The Indian Institute of Science, Bangalore had started a department of power engineering by that time and Thacker joined the institution as a professor of the new department in 1947 and two years later, assumed the directorship of the department, a post he held until 1955 when he was appointed as the director general of the Council of Scientific and Industrial Research (CSIR), a government sponsored autonomous body and the largest research and development organization in the country. He headed the organization for seven years and in 1957, he was given the additional responsibility of a secretary at the Ministry of Scientific Research and Cultural Affairs. He held both the posts until 1962 and moved to a new position as a member of the Planning Commission of India for a five-year term, which ended in 1967. During this tenure, he chaired the UNESCO Advisory Committee on Research on Natural Sciences and presided the United Nations Conference on the Application of Science and Technology for the benefit of less developed areas, held in 1963.

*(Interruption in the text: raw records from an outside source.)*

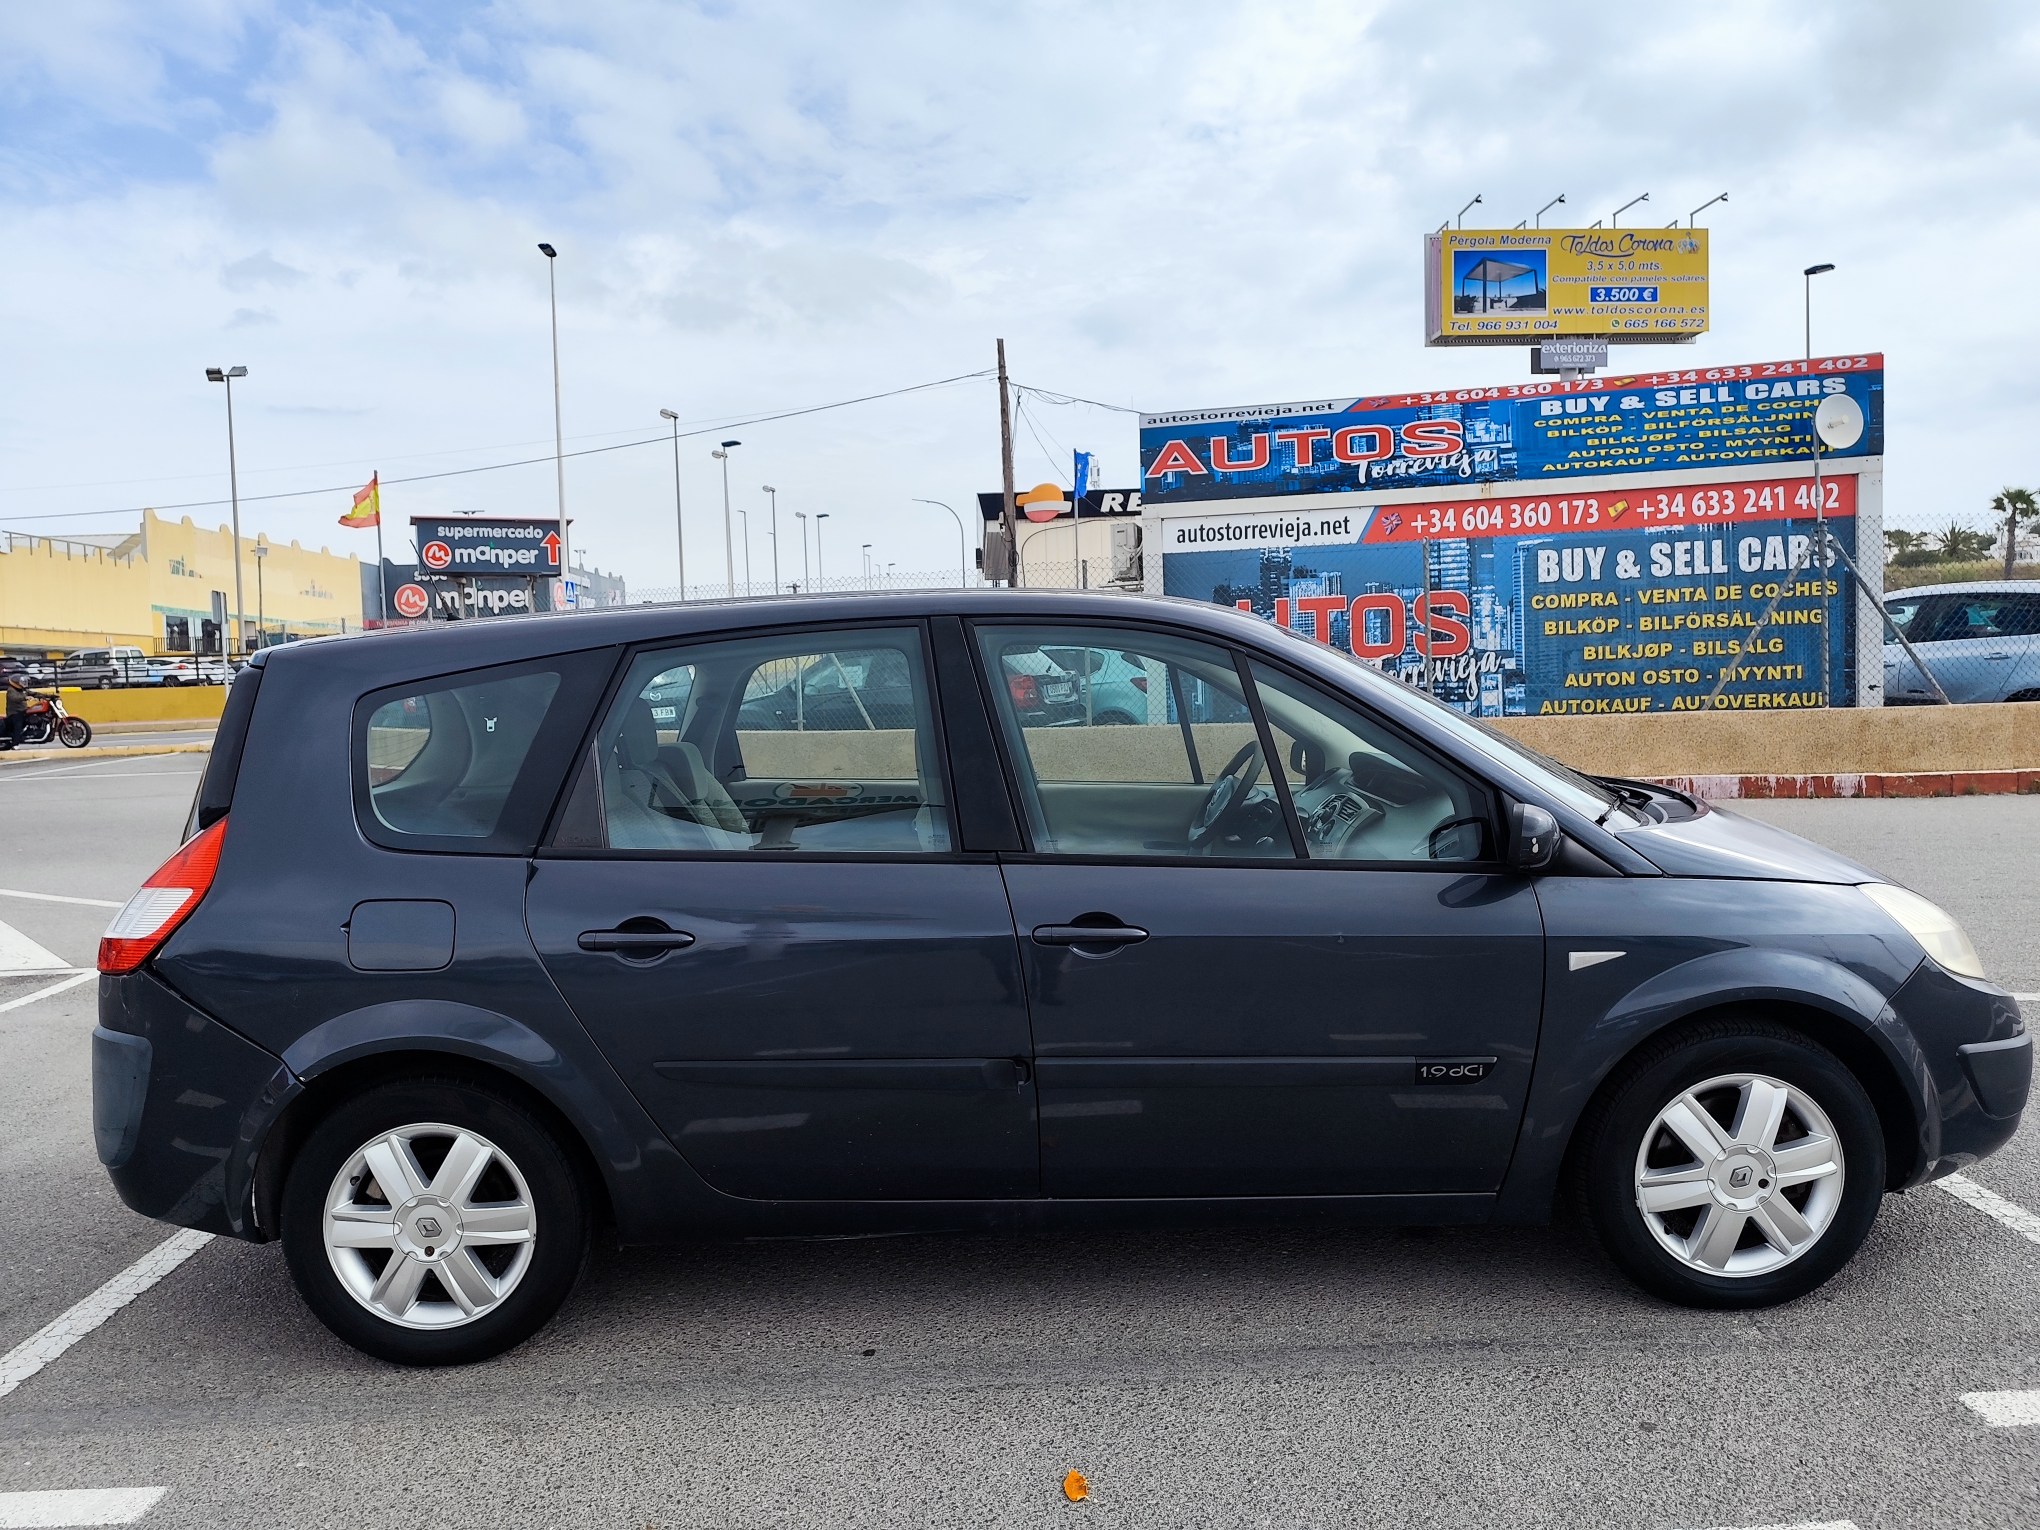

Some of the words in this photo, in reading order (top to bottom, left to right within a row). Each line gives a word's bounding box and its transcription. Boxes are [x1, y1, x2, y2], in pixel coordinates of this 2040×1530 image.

[1499, 235, 1552, 245] Moderna
[1560, 234, 1615, 257] Toldos
[1618, 233, 1675, 253] Corona
[1586, 260, 1604, 271] 3,5
[1607, 263, 1614, 271] x
[1617, 260, 1635, 271] 5,0
[1638, 261, 1663, 271] mts.
[1552, 275, 1607, 284] Compatible
[1630, 275, 1668, 284] paneles
[1671, 274, 1706, 283] solares
[1595, 288, 1639, 301] 3.500
[1642, 288, 1654, 301] €
[1552, 305, 1705, 315] www.toldoscorona.es
[1449, 321, 1472, 331] Tel.
[1477, 321, 1502, 331] 966
[1505, 320, 1529, 330] 931
[1533, 320, 1558, 330] 004
[1624, 318, 1649, 329] 665
[1653, 318, 1677, 328] 166
[1680, 318, 1705, 328] 572
[1645, 370, 1698, 384] +34
[1705, 366, 1753, 380] 633
[1761, 361, 1808, 376] 241
[1818, 357, 1868, 371] 402
[1400, 390, 1449, 405] +34
[1455, 387, 1500, 401] 604
[1507, 383, 1552, 397] 360
[1560, 378, 1605, 392] 173
[1540, 395, 1611, 417] BUY
[1619, 395, 1646, 410] &
[1654, 386, 1735, 408] SELL
[1745, 377, 1847, 401] CARS
[1147, 402, 1336, 426] autostorrevieja.net
[1533, 414, 1622, 428] COMPRA
[1642, 407, 1714, 420] VENTA
[1721, 404, 1750, 414] DE
[1757, 398, 1821, 411] COCH
[1547, 425, 1624, 438] BILKÖP
[1644, 411, 1815, 431] BILFÖRSÄLJNIN
[1567, 446, 1640, 459] AUTON
[1647, 442, 1705, 453] OSTO
[1725, 434, 1812, 448] MYYNTI
[1586, 432, 1678, 446] BILKJØP
[1698, 424, 1792, 439] BILSALG
[1145, 419, 1464, 480] AUTOS
[1351, 449, 1497, 484] Torrevieja
[1541, 456, 1656, 472] AUTOKAUF
[1636, 492, 1686, 520] +34
[1692, 489, 1736, 516] 633
[1743, 485, 1786, 514] 241
[1794, 482, 1840, 510] 402
[1410, 507, 1457, 535] +34
[1460, 505, 1504, 531] 604
[1509, 502, 1552, 528] 360
[1558, 498, 1600, 525] 173
[437, 525, 544, 540] supermercado
[1176, 515, 1351, 544] autostorrevieja.net
[454, 546, 539, 569] manper
[1537, 546, 1607, 583] BUY
[1615, 549, 1641, 580] &
[1650, 539, 1728, 578] SELL
[1738, 533, 1836, 574] CARS
[1531, 592, 1619, 610] COMPRA
[1637, 587, 1708, 605] VENTA
[1715, 584, 1743, 601] DE
[1544, 616, 1620, 636] BILKÖP
[1583, 642, 1673, 661] BILKJØP
[1564, 671, 1636, 688] AUTON
[1642, 668, 1700, 685] OSTO
[1539, 697, 1652, 715] AUTOKAUF
[1420, 1065, 1447, 1078] 1.9
[1449, 1064, 1484, 1077] dCi

Thacker was credited with efforts in putting applied science to use in power engineering. He was known to have consolidated the functioning of CSIR and contributed to the industrial development of India. He chaired the Governing Council of the Indian Institute of Technology, Delhi and was a member of the council of the Indian National Science Academy during 1954 to 1956. He presided the engineering and metallurgy section of the 1951 Indian Science Congress and was the general president of the 1958 session held in Chennai. He represented India in the standing committee of the British Commonwealth Scientific Conference and was a member of the governing councils of several science and educational organizations, Indian Council of Medical Research, National Book Trust, Birbal Sahni Institute of Palaeobotany, Indian Institute of Science, Administrative Staff College of India, and National Council of Applied Economic Research counting among them. He was the founder president of the Institute of Management and the Indian chapter of the Illuminating Engineering Society and served as the president of Institution of Engineers (India), Indian Institute of Metals and Energy Institute, besides serving as the vice president of Indian Association for the Cultivation of Science and the Indian National Science Academy. He also published a number of books including Science and Culture, Survey of literature on high voltage engineering and allied subjects, 1935-53 and Natural resources and their planned utilization.

== Family ==
Maneklal Thacker died on 16 December 1998, at the age of 94.

== Awards and honors ==
Thacker was an elected fellow of the Indian Academy of Sciences and the Indian National Science Academy. He received four honoris causa doctoral degrees; Doctor of Science from Mysore University and Banaras Hindu University, Doctor of Literature from Annamalai University and Doctor of Engineering from Roorkee University. The Government of India awarded him the civilian honor of the Padma Bhushan in 1955.

He was awarded the Grand Master's Order of Service to Masonry (OSM) on 30 November 1971 by the Grand Lodge of India.